2.2 Bilinear Diffie-Hellman Inversion Assumption

In order to prove the security of the ATAPS scheme, we introduce l-BDHI assumption used in [6]. The l-BDHI problem in G is as follows: Given g, h and \({g^{{y^i}}}\) in G for \(i=1,2,...,l\) as input for some unknown random \(y \in Z_p^*\), output \(W \in G'\) to decide whether \(W=e(g,g)^{y^{l+1}}\). We say that a polynomial-time adversary \(\mathcal A\) has advantage \(\varepsilon \) in solving the decisional l-BDHI problem \((G,G')\) if \(|Pr[A(g,h,y,e(g,h)^{y^{l+1}})=0]-Pr[A(g,h,y,e(g,h)^{y^z})=0]| \ge \varepsilon \), Where the probability is taken over random yz and the random bits consumed by \(\mathcal A\).

Definition 1

We say that the \((t,\varepsilon )\)-l-BDHI assumption holds in \((G,G')\) if no t-time algorithm has the probability at least \(\varepsilon \) in solving the l-BDHI problem for non-negligible \(\varepsilon \) [7].

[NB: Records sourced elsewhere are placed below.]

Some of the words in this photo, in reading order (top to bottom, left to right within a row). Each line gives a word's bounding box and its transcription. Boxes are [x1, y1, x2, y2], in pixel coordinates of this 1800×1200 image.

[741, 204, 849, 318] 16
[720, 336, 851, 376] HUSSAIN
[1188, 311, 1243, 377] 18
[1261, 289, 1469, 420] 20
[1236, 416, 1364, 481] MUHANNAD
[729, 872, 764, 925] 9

2.3 Access Structure and Access Tree

Definition 2

(Access structure [8]). Let \( \{ P_1, P_2, ...\), \(P_n \} \) be a set of parties. A collection \(A \subseteq 2^{\{P_1,P_2,...,P_n\}}\) is monotone if \(\forall B,C\): if \(B \in A\) and \(B \in C\). An access structure (respectively, monotonic access structure) is a collection (respectively, monotone collection) A of non-empty subsets of \({\{P_1,P_2,...,P_n\}}\), i.e. \(A \subseteq 2^{\{P_1,P_2,...,P_n\}}\backslash \{0\}\). The sets in A are called the authorized sets, and the sets not in A are called the unauthorized sets.

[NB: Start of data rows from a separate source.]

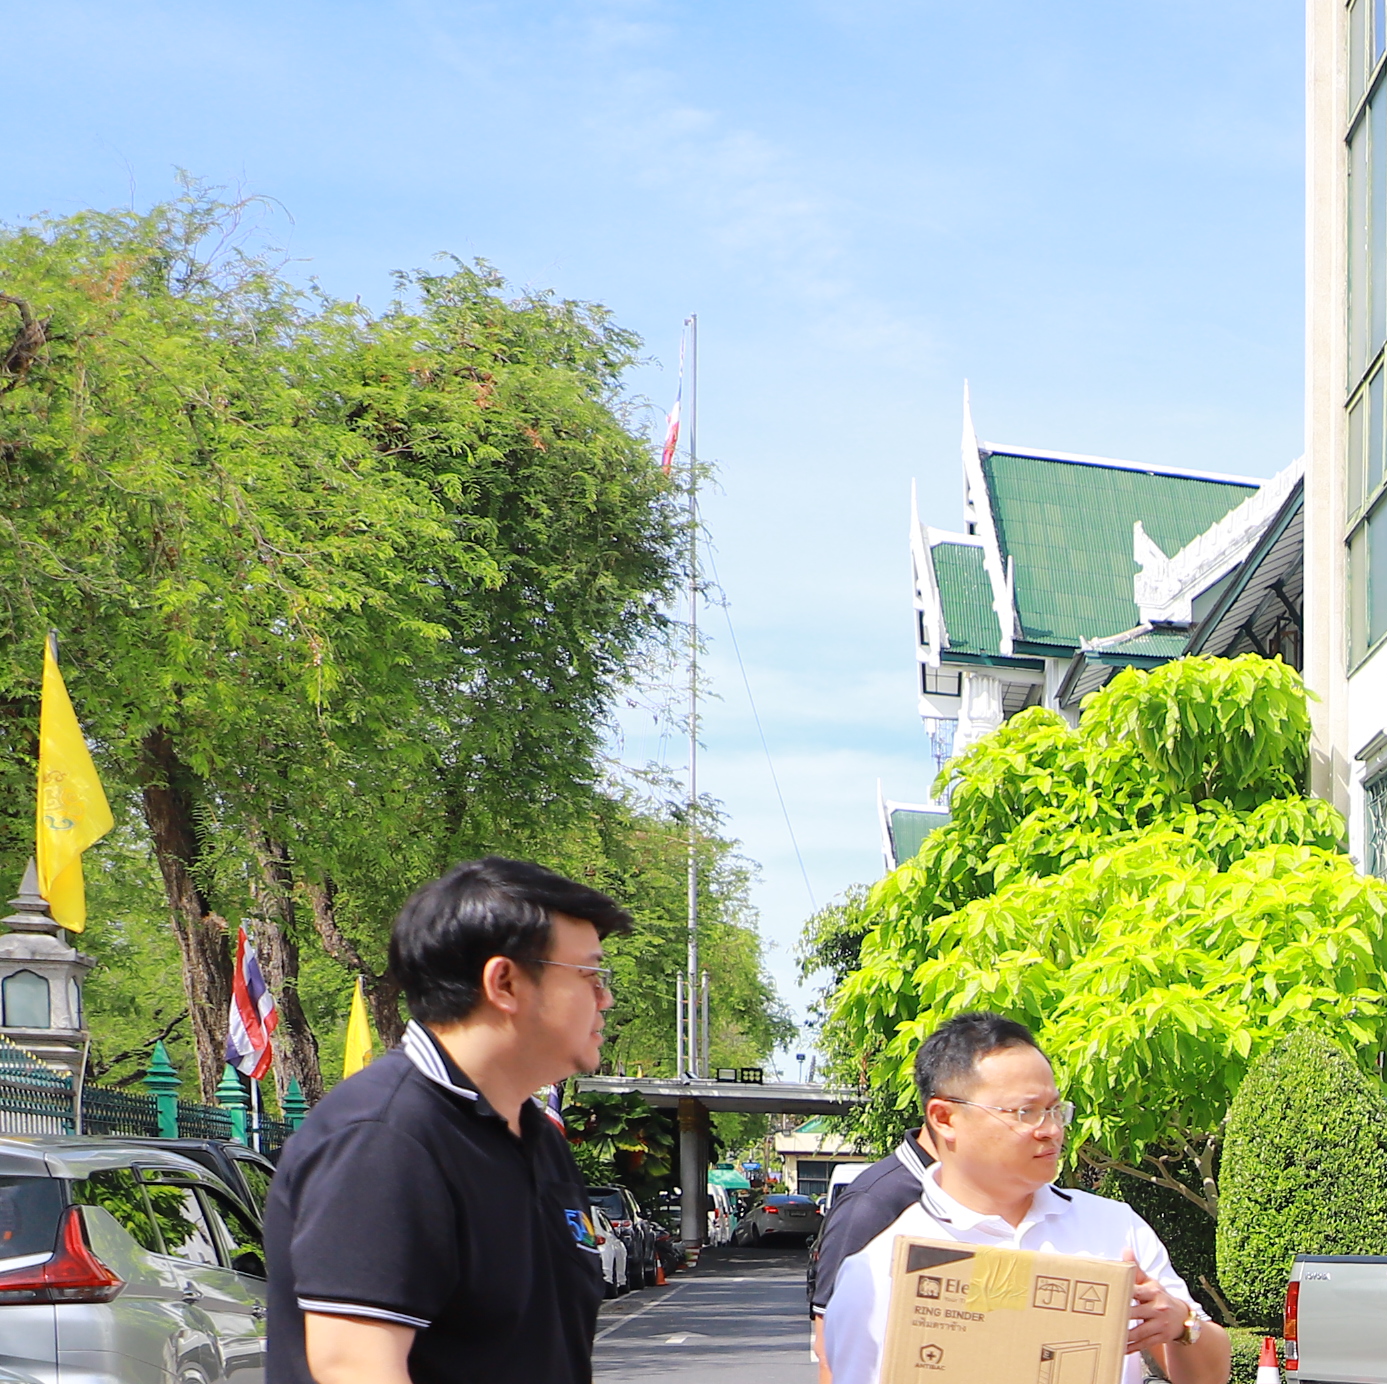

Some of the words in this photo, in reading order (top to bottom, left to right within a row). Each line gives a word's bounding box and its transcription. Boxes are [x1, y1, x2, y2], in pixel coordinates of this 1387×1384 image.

[945, 1278, 970, 1294] Ele
[914, 1305, 941, 1317] RING
[945, 1309, 985, 1322] BINDER
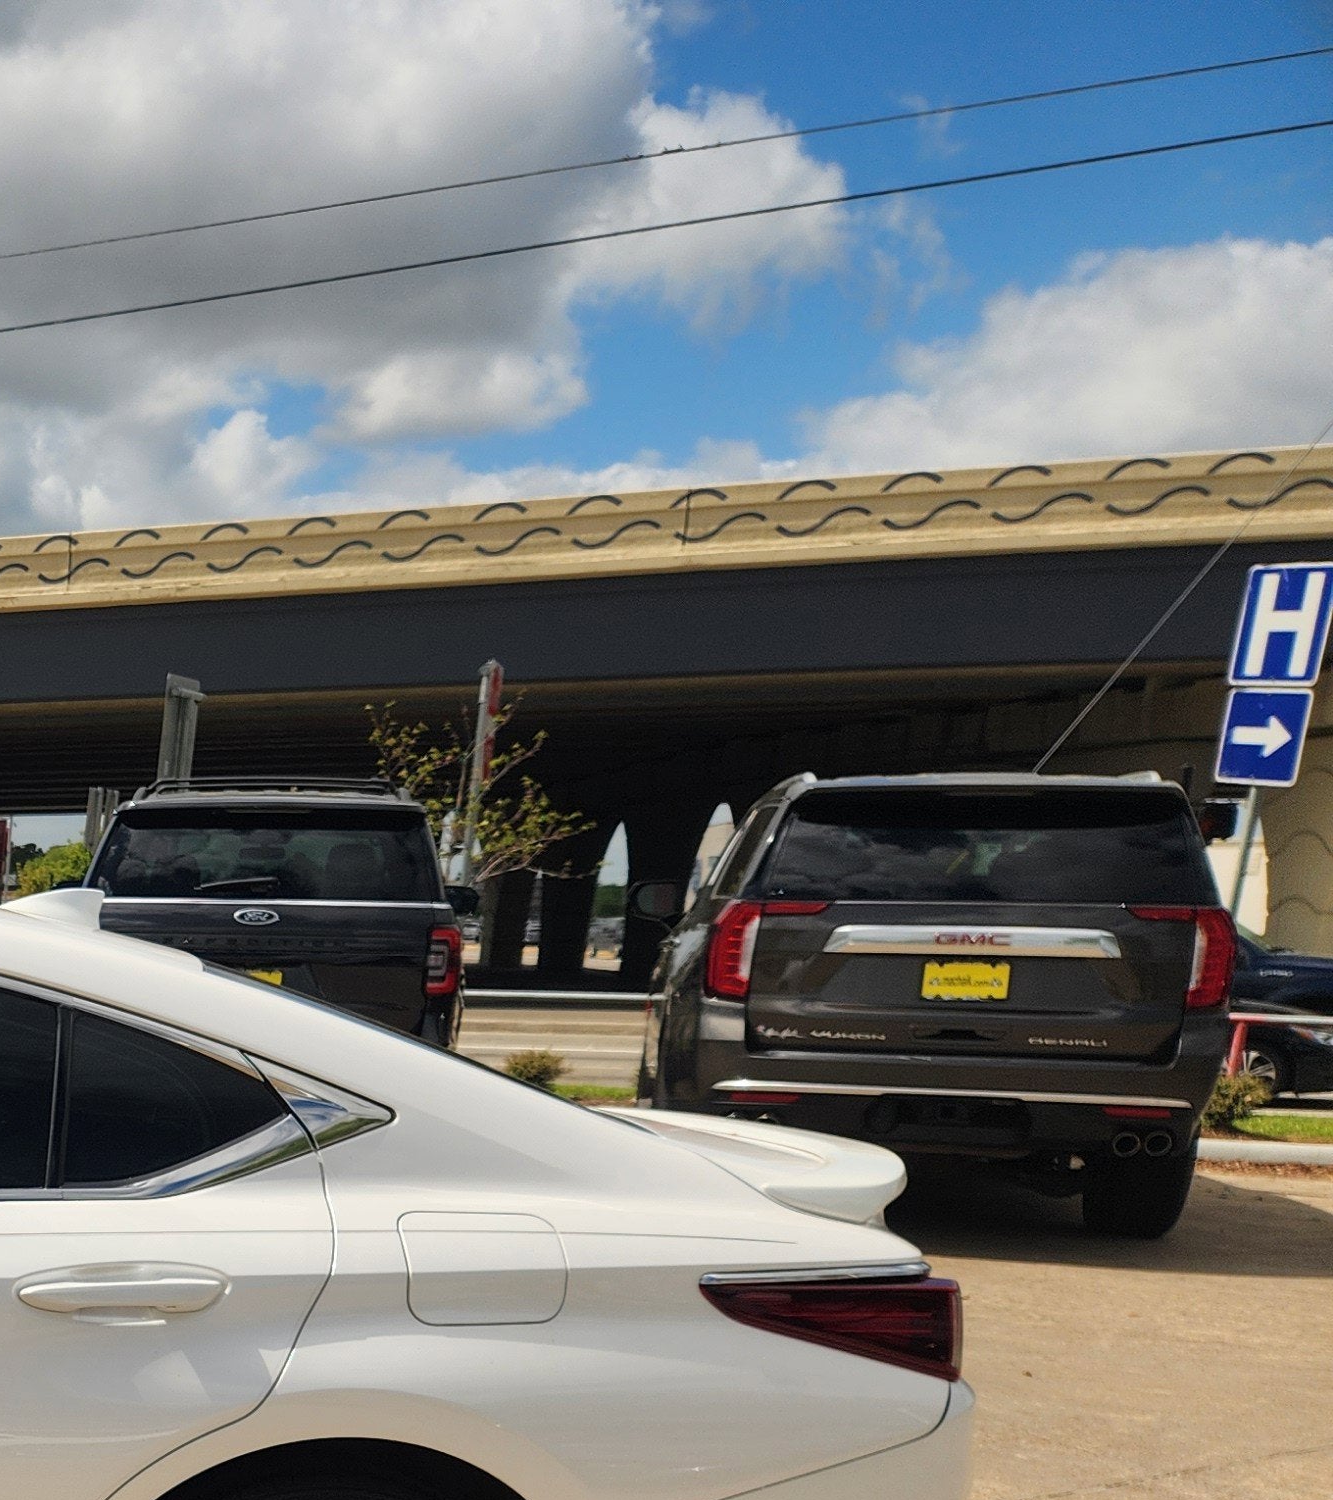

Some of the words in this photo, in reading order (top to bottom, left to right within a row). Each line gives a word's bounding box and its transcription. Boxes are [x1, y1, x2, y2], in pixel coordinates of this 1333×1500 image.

[1244, 571, 1327, 677] H
[935, 932, 1011, 946] GMC
[1028, 1037, 1107, 1047] DENALI

2.4 Access Tree with Time-Specific Attributes

We denote \(\gamma \) as an access tree. Each non-leaf node of the tree represents a threshold gate, described by a threshold value and its children [9]. If \(num_x\) is the number of children of a node x and \(k_x\) is its threshold value, the \(0<k<num_x\) holds. The threshold gate is an OR gate when threshold value \(k_x=1\). If threshold value of node x of the tree is associated with a time instant \(t_x\). If the \(t_x\) belongs to a time interval \([t_{L,x},t_{R,x}]\), which is associated with the corresponding attribute x in the ciphertext, we let value \(k_x=1\).

Some functions are defined in order to facilitate dealing with \(\gamma \). In \(\gamma \), the function parent(x) is represented as the parent of the node x. The component of attributes is associated with the leaf node x in \(\gamma \), also defines an ordering between the children of a node which are numbered from 1 to num. The function index(x) returns such a number associated with the node x, where the index values are uniquely allocated to nodes in \(\gamma \) for a given key [10].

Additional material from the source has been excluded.